D’après l’Organisation mondiale de la santé (OMS), les conséquences sanitaires
anticipées des doses d’irradiations reçues par les populations autour de la
centrale de Fukushima Daichi sont minimes. Au-delà d’une dizaine de kilomètres
de la centrale, le niveau de radiation moyen n’a pas dépassé 100 µGy⋅h-1, débit de dose en-dessous duquel aucune pathologie
n’est plus observée en laboratoire même pour des expositions chroniques.

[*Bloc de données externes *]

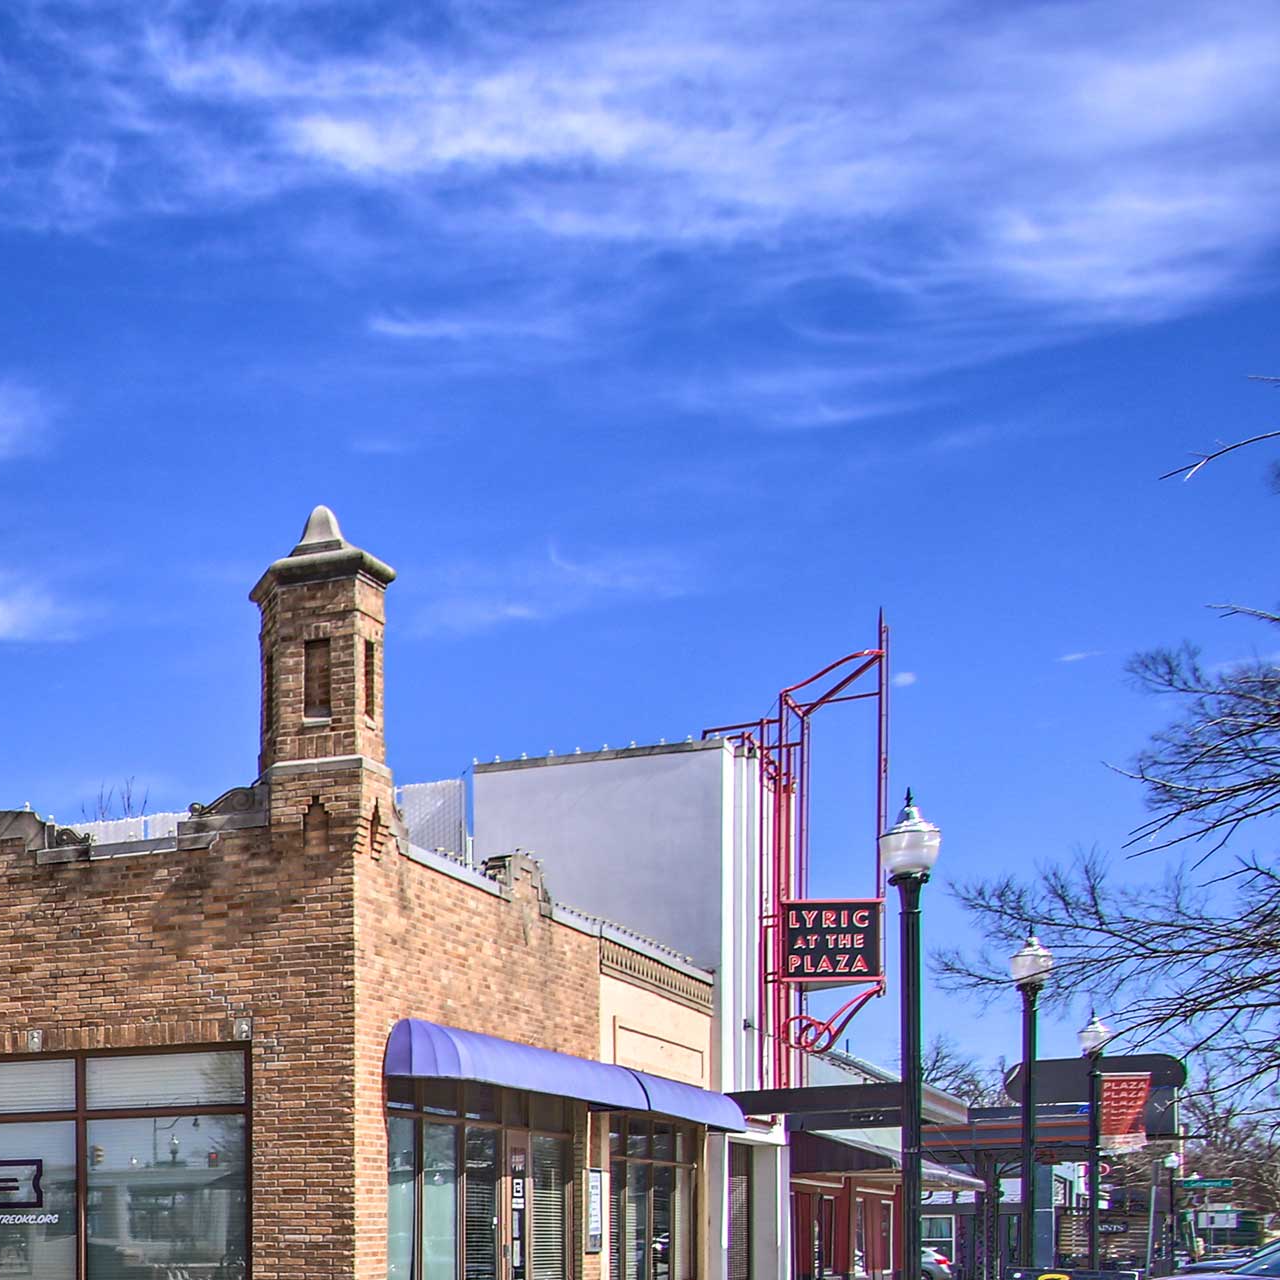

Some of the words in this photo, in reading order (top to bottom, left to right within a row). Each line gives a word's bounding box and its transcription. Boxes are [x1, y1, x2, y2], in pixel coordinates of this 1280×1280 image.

[789, 909, 869, 928] LYRIC
[793, 934, 818, 949] AT
[825, 933, 864, 949] THE
[788, 954, 869, 973] PLAZA
[1103, 1082, 1146, 1090] PLAZA
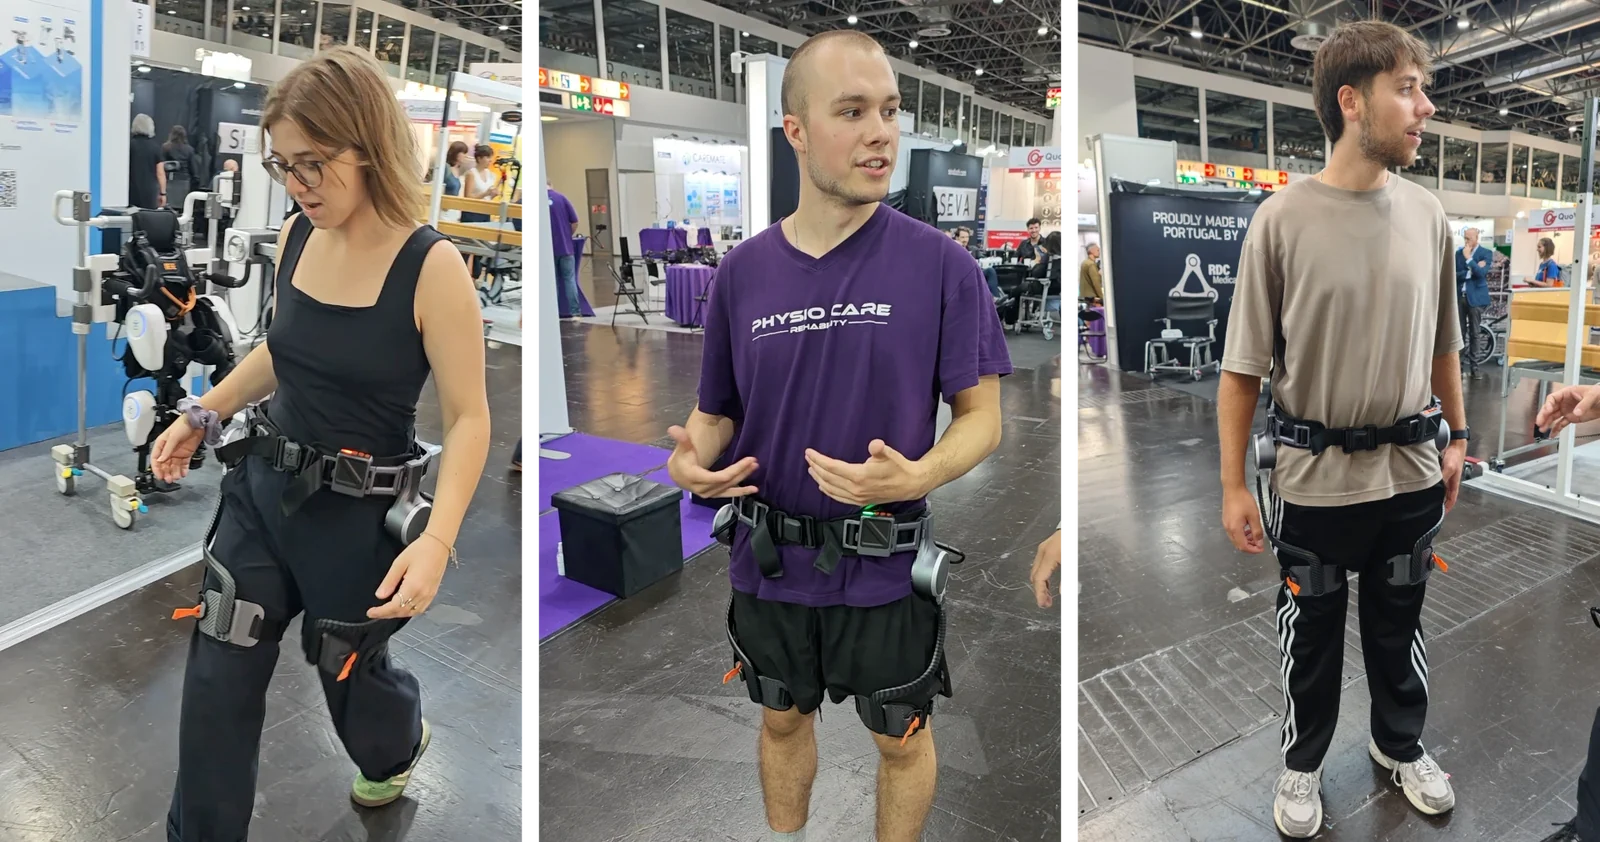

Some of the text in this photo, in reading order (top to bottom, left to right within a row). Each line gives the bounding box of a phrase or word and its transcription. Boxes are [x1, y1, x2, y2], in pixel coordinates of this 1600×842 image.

[939, 193, 970, 216] SEVA
[1153, 211, 1248, 229] PROUDLY MADE IN
[1163, 226, 1239, 241] PORTUGAL BY
[1208, 264, 1231, 276] RDC
[752, 302, 892, 333] PHYSIO CARE
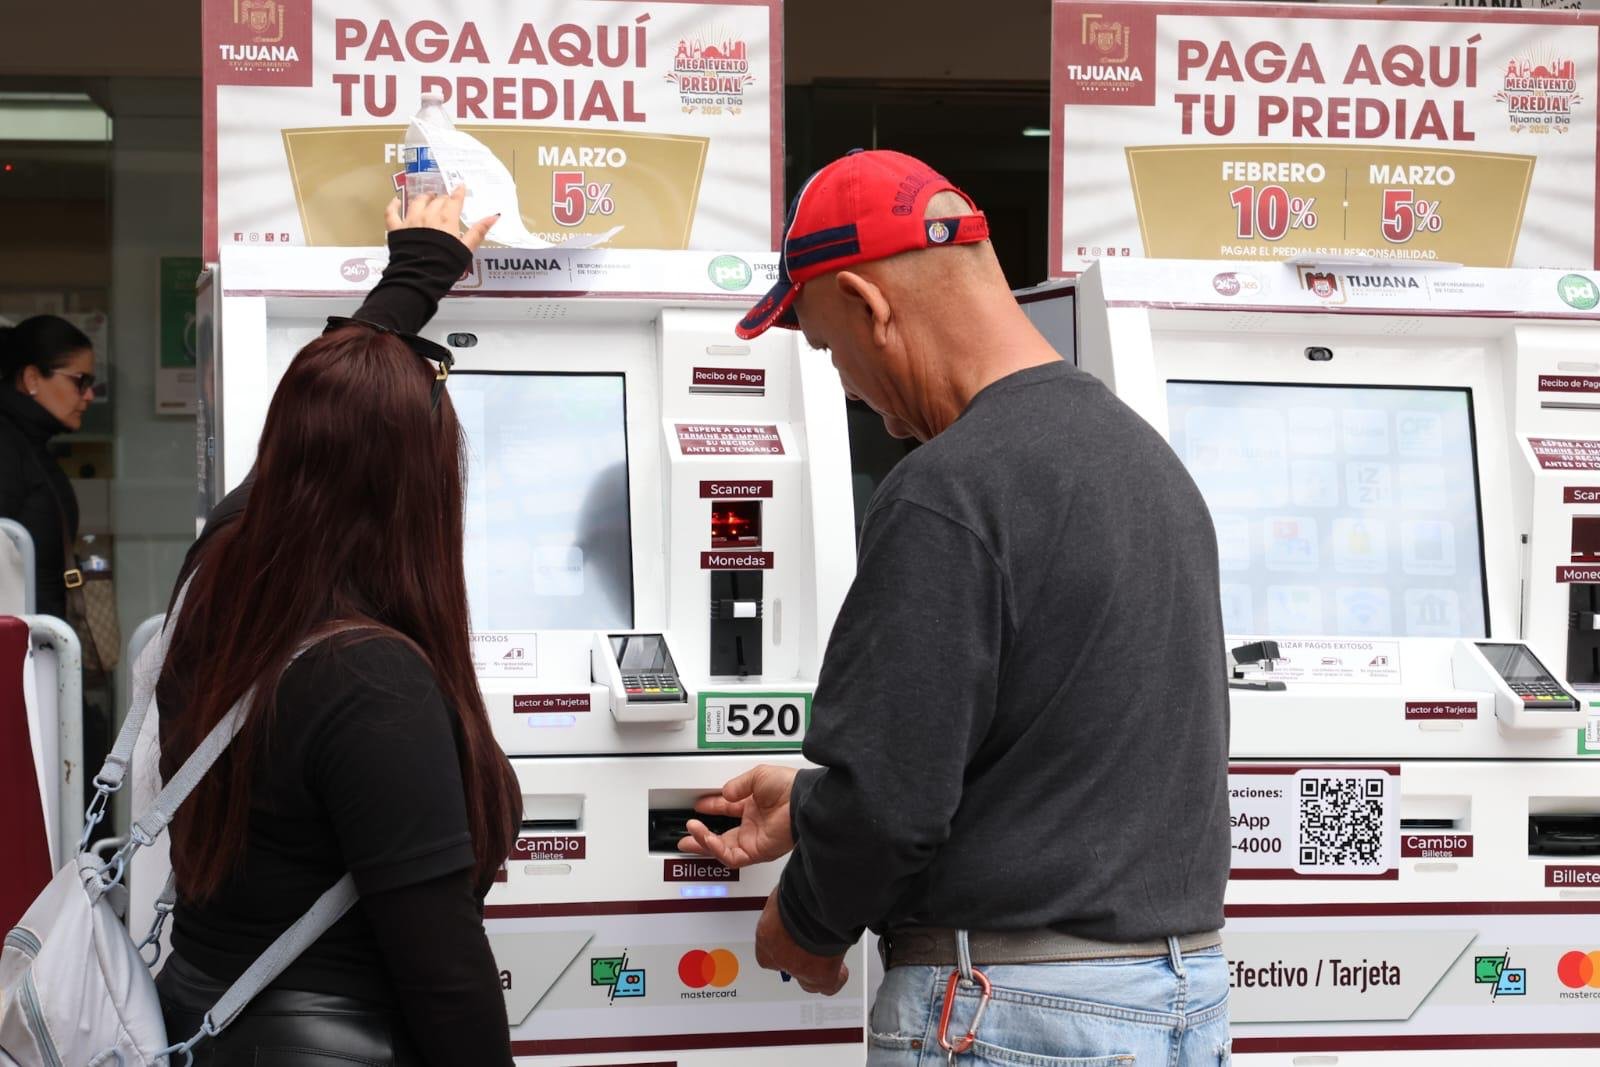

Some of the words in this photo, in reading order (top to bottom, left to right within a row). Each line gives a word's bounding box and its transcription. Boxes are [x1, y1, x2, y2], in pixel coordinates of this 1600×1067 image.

Pour
l’UNSCEAR,
les doses reçues par la population auront finalement été trop faibles pour
entraîner un risque significatif de cancer ou un impact sanitaire quelconque, y
compris pour les populations non évacuées qui n’auront été exposées qu’à
quelques milli-Sieverts.
Par ailleurs, bien que la centrale
nucléaire de Fukushima Daini (incident
de niveau 3) ait également été endommagée à la suite du tremblement de terre et
du tsunami, la centrale
nucléaire d’Onagawa, la plus proche de l’épicentre du séisme de mars
2011, a résisté et s’est arrêtée en toute sécurité comme prévu sans incident,
tout en ayant servi d’abri à la population locale, contre le tsunami.